Task objective
In your copy, leave out the pictures and repeat the entries below exactly.

Start of Material provided

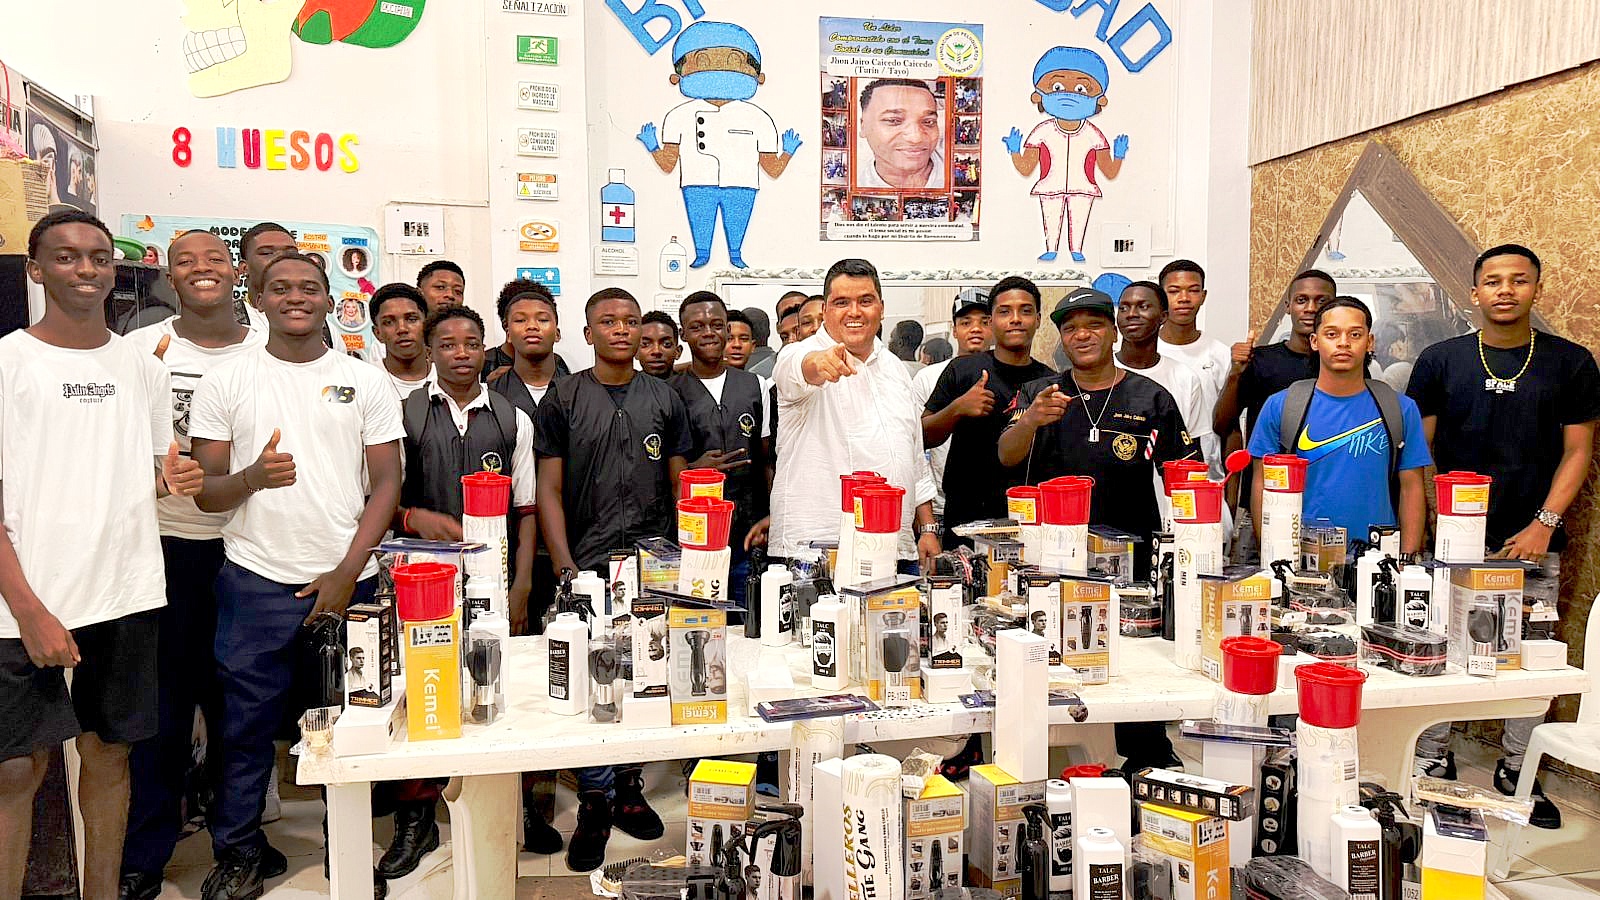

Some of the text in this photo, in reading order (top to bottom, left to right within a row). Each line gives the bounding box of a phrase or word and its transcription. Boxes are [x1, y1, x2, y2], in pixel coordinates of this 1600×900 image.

[1035, 0, 1172, 73] AD
[833, 44, 860, 53] Social
[861, 45, 871, 54] de
[830, 56, 933, 68] Jhon Jairo Caicedo Caicedo
[887, 67, 909, 76] Tayo)
[172, 127, 359, 173] 8 HUESOS
[63, 382, 115, 398] Palm Angels
[1348, 428, 1389, 458] NIKE
[1483, 573, 1515, 583] Kemei
[1073, 584, 1102, 595] Kemei
[1233, 584, 1263, 593] Kemei
[423, 668, 440, 730] Kemei
[682, 707, 718, 719] Kemei
[1351, 849, 1376, 859] BARBER
[1093, 873, 1119, 885] BARBER
[1404, 887, 1419, 900] 1052
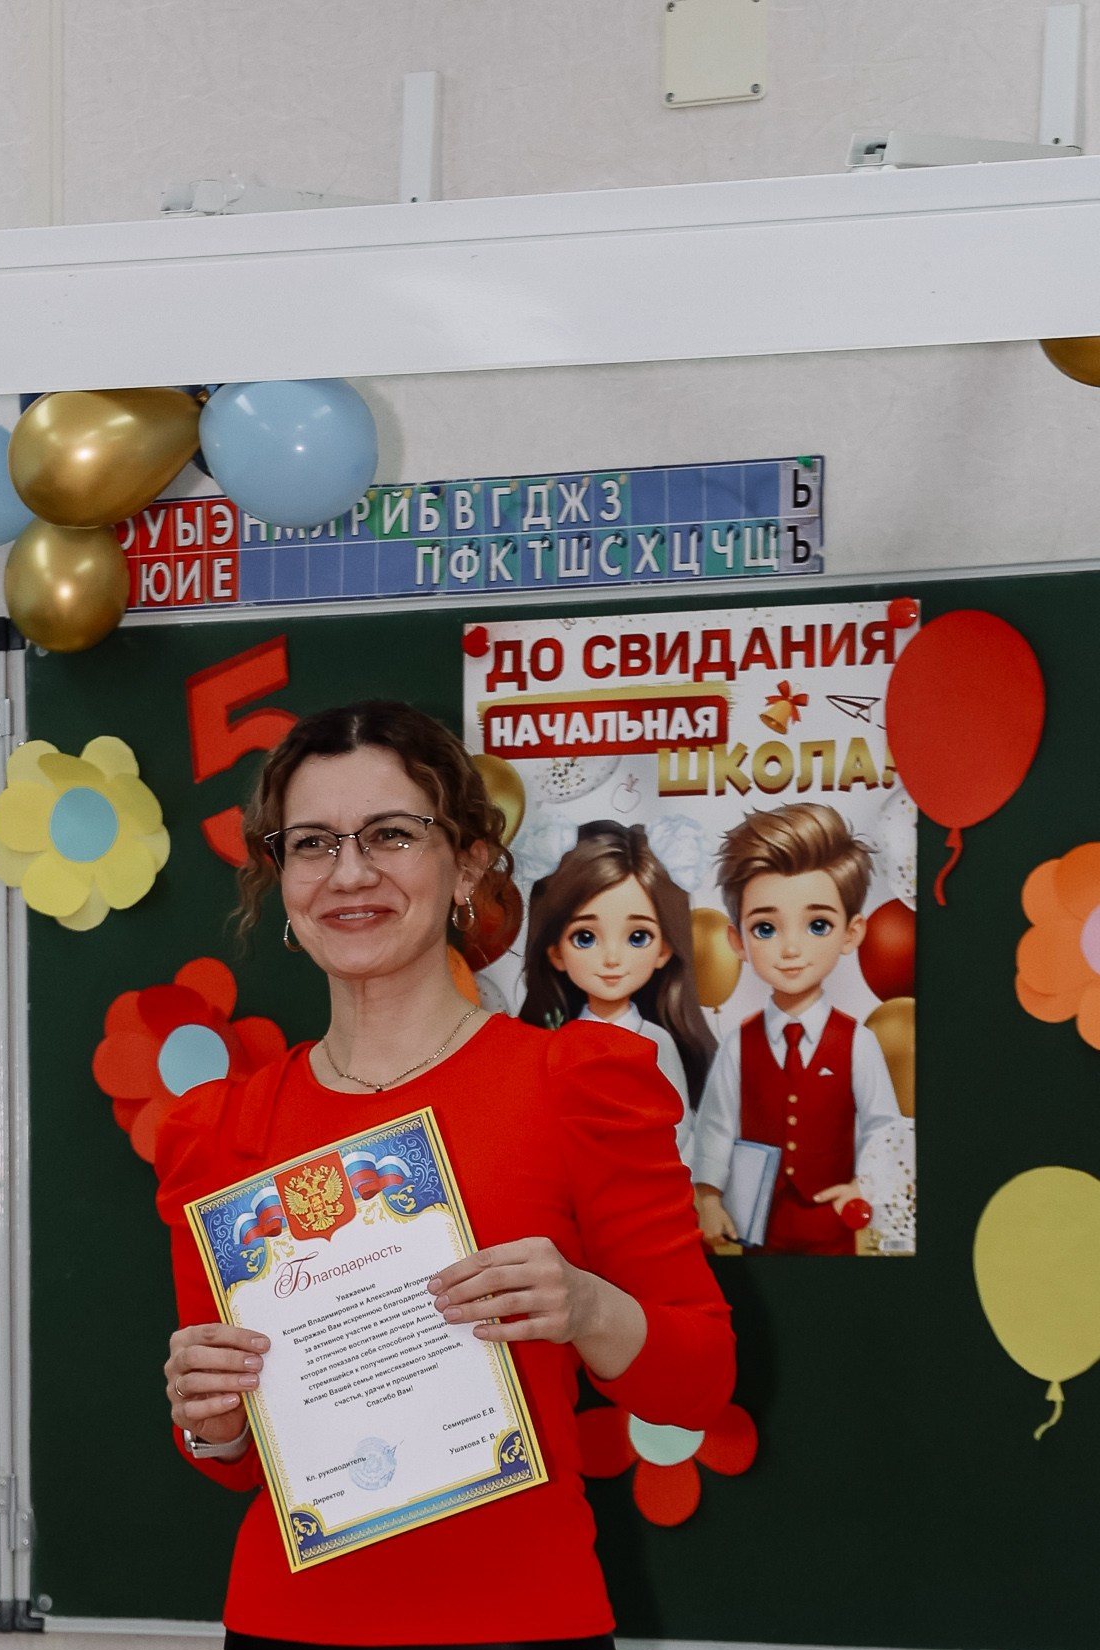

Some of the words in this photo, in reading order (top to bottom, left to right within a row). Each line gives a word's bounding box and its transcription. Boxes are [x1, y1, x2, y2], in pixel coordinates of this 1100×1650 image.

[486, 637, 564, 692] ДО
[582, 621, 896, 683] СВИДАНИЯ
[490, 706, 718, 748] НАЧАЛЬНАЯ
[274, 1244, 403, 1299] Благодарность
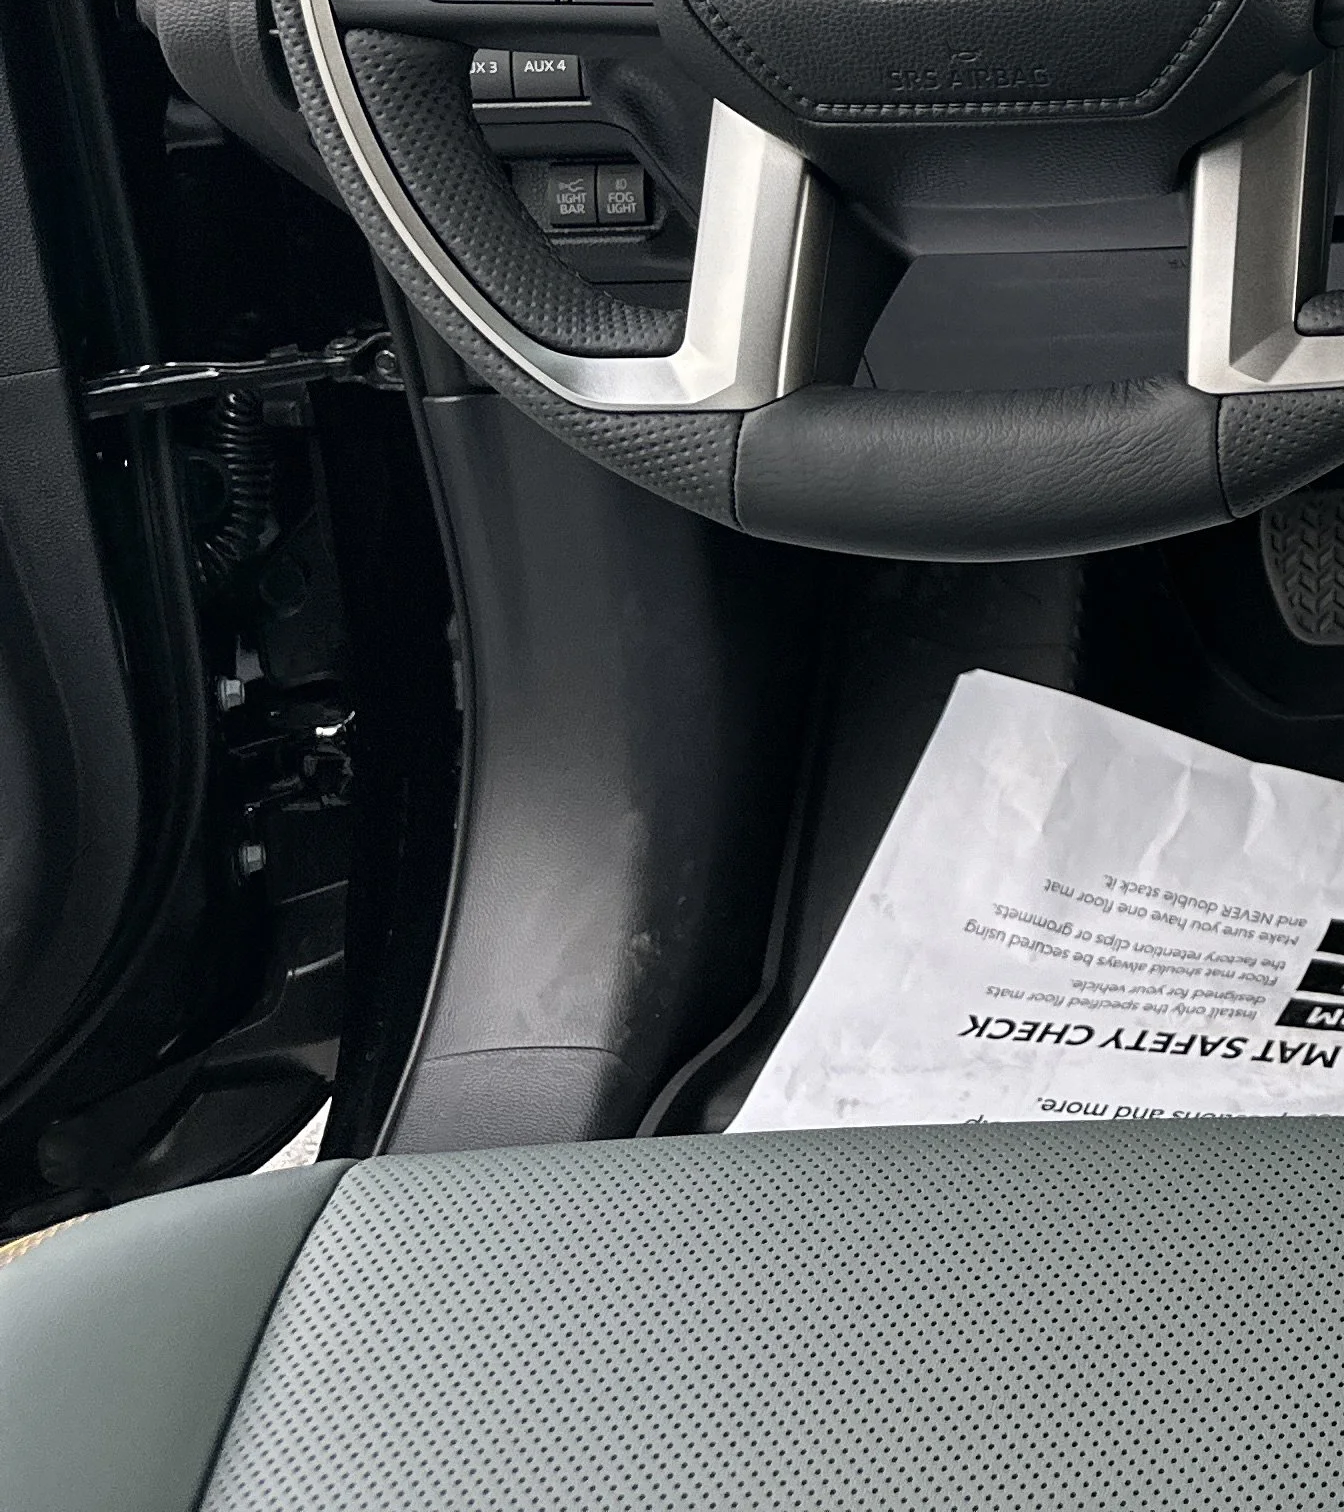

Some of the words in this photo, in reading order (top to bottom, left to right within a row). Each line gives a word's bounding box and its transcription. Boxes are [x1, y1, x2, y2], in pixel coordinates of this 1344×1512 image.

[489, 61, 498, 73] 3
[524, 61, 555, 73] AUX
[556, 59, 567, 72] 4
[556, 192, 586, 204] LIGHT
[608, 192, 635, 203] FOG
[559, 203, 585, 215] BAR
[607, 203, 636, 215] LIGHT
[1043, 878, 1075, 899] mat
[1120, 879, 1160, 900] stack
[1076, 892, 1115, 913] floor
[1163, 890, 1218, 915] double
[1118, 902, 1148, 919] one
[1220, 904, 1274, 926] NEVER
[992, 902, 1073, 938] grommets.
[1152, 910, 1187, 931] have
[1190, 920, 1221, 934] you
[1275, 915, 1307, 928] and
[964, 918, 1007, 943] using
[1074, 929, 1093, 942] or
[1222, 926, 1256, 942] sure
[1095, 933, 1131, 952] clips
[1259, 931, 1299, 946] Make
[1007, 934, 1071, 960] secured
[1133, 942, 1202, 962] retention
[1072, 951, 1094, 967] be
[1096, 956, 1147, 974] always
[1203, 951, 1257, 968] factory
[1261, 958, 1286, 971] the
[1147, 963, 1203, 977] should
[1205, 967, 1236, 979] mat
[1070, 979, 1125, 995] vehicle.
[1238, 972, 1278, 987] Floor
[986, 985, 1025, 1000] mats
[1128, 984, 1166, 995] your
[1167, 987, 1189, 1000] for
[1027, 993, 1065, 1007] floor
[1067, 997, 1139, 1012] specified
[1191, 990, 1266, 1005] designed
[1143, 1003, 1168, 1015] the
[1170, 1003, 1206, 1016] only
[1210, 1007, 1257, 1020] Install
[957, 1014, 1096, 1046] CHECK
[1098, 1027, 1249, 1059] SAFETY
[1251, 1040, 1342, 1069] MAT
[1036, 1097, 1109, 1116] more.
[1115, 1105, 1164, 1119] and

End of Material provided

Solution to this exercise
Some of the text in this photo, in reading order (top to bottom, left to right within a row). Each line gives the bounding box of a phrase or word and its transcription. Boxes are [x1, y1, x2, y2], in pixel coordinates of this 1600×900 image.

[1035, 0, 1172, 73] AD
[833, 44, 860, 53] Social
[861, 45, 871, 54] de
[830, 56, 933, 68] Jhon Jairo Caicedo Caicedo
[887, 67, 909, 76] Tayo)
[172, 127, 359, 173] 8 HUESOS
[63, 382, 115, 398] Palm Angels
[1348, 428, 1389, 458] NIKE
[1483, 573, 1515, 583] Kemei
[1073, 584, 1102, 595] Kemei
[1233, 584, 1263, 593] Kemei
[423, 668, 440, 730] Kemei
[682, 707, 718, 719] Kemei
[1351, 849, 1376, 859] BARBER
[1093, 873, 1119, 885] BARBER
[1404, 887, 1419, 900] 1052

Some of the words in this photo, in reading order (top to bottom, left to right within a row). Each line gives a word's bounding box and its transcription. Boxes are [x1, y1, x2, y2], in pixel coordinates of this 1100×1650 image.

[486, 637, 564, 692] ДО
[582, 621, 896, 683] СВИДАНИЯ
[490, 706, 718, 748] НАЧАЛЬНАЯ
[274, 1244, 403, 1299] Благодарность

Some of the words in this photo, in reading order (top to bottom, left to right within a row). Each line gives a word's bounding box and its transcription. Boxes are [x1, y1, x2, y2], in pixel coordinates of this 1344×1512 image.

[489, 61, 498, 73] 3
[524, 61, 555, 73] AUX
[556, 59, 567, 72] 4
[556, 192, 586, 204] LIGHT
[608, 192, 635, 203] FOG
[559, 203, 585, 215] BAR
[607, 203, 636, 215] LIGHT
[1043, 878, 1075, 899] mat
[1120, 879, 1160, 900] stack
[1076, 892, 1115, 913] floor
[1163, 890, 1218, 915] double
[1118, 902, 1148, 919] one
[1220, 904, 1274, 926] NEVER
[992, 902, 1073, 938] grommets.
[1152, 910, 1187, 931] have
[1190, 920, 1221, 934] you
[1275, 915, 1307, 928] and
[964, 918, 1007, 943] using
[1074, 929, 1093, 942] or
[1222, 926, 1256, 942] sure
[1095, 933, 1131, 952] clips
[1259, 931, 1299, 946] Make
[1007, 934, 1071, 960] secured
[1133, 942, 1202, 962] retention
[1072, 951, 1094, 967] be
[1096, 956, 1147, 974] always
[1203, 951, 1257, 968] factory
[1261, 958, 1286, 971] the
[1147, 963, 1203, 977] should
[1205, 967, 1236, 979] mat
[1070, 979, 1125, 995] vehicle.
[1238, 972, 1278, 987] Floor
[986, 985, 1025, 1000] mats
[1128, 984, 1166, 995] your
[1167, 987, 1189, 1000] for
[1027, 993, 1065, 1007] floor
[1067, 997, 1139, 1012] specified
[1191, 990, 1266, 1005] designed
[1143, 1003, 1168, 1015] the
[1170, 1003, 1206, 1016] only
[1210, 1007, 1257, 1020] Install
[957, 1014, 1096, 1046] CHECK
[1098, 1027, 1249, 1059] SAFETY
[1251, 1040, 1342, 1069] MAT
[1036, 1097, 1109, 1116] more.
[1115, 1105, 1164, 1119] and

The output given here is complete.